Diagnosis is supported by DNA analysis, but remains clinical and centres on the history of recurrent self-limiting attacks of fever and serositis that are prevented by colchicine [13]. Genetic results must be interpreted cautiously, given that not all individuals with paired pathogenic MEFV mutations develop FMF, and others with heterozygous carrier status can do so. Furthermore, most diagnostic laboratories offer only limited analysis, as MEFV is a large gene.

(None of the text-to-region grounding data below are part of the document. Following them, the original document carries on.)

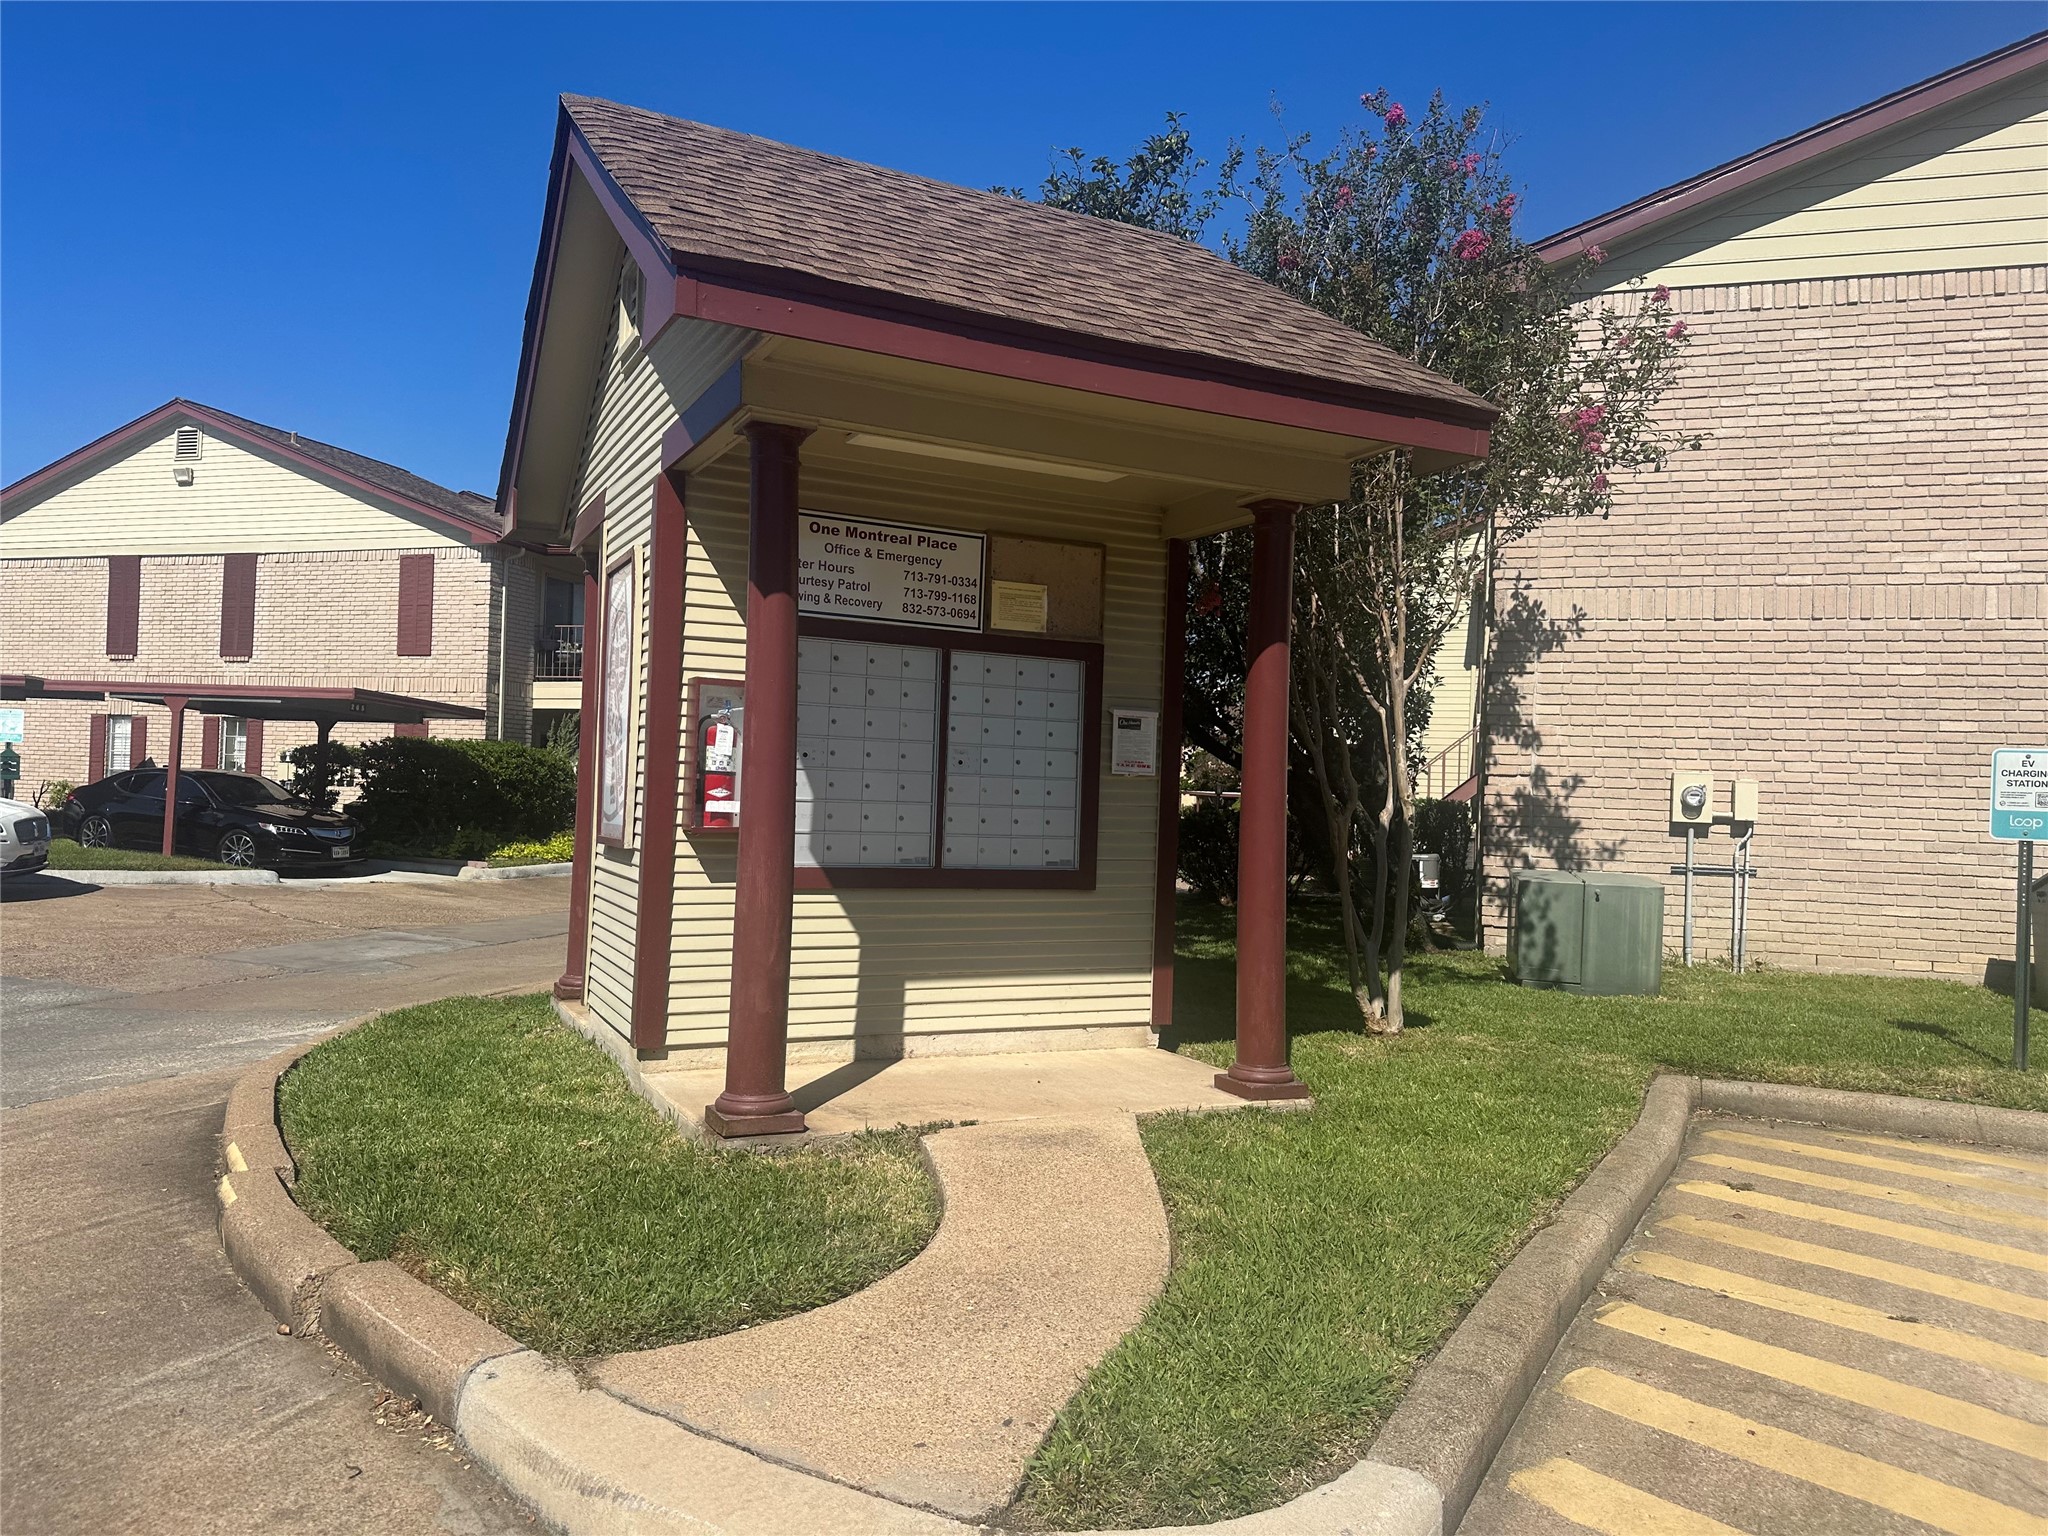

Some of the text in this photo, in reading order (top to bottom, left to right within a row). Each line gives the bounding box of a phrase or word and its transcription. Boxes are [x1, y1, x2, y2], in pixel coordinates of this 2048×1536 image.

[809, 521, 958, 551] One Montreal Place
[824, 542, 942, 569] Office & Emergency
[798, 559, 855, 574] ter Hours
[798, 575, 871, 592] urtesy Patrol
[903, 570, 977, 588] 713-791-0334
[823, 593, 831, 604] &
[834, 594, 883, 611] Recovery
[903, 587, 977, 605] 713-799-1168
[902, 603, 976, 620] 832-573-0694
[2021, 760, 2035, 768] EV
[2001, 769, 2048, 778] CHARGIN
[2006, 779, 2048, 788] STATION

Supportive measures, particularly analgesia, are often required during acute attacks, but the mainstay of management is long-term prophylactic treatment with low-dose colchicine. This serendipitous discovery in 1972 [14] has entirely transformed the prognosis of this disease. Continuous treatment with colchicine at a dose of 1–2 mg daily in adults prevents or substantially reduces symptoms of FMF in at least 95% of cases, and almost completely eliminates the risk of AA amyloidosis (see below). The mechanism of action of colchicine remains incompletely understood, but it modulates neutrophil adhesion, mobility and cytokine release in a presumably somewhat specific manner, possibly by competing with pyrin as a substrate for caspase 1, in patients with defective pyrin variants [15,16].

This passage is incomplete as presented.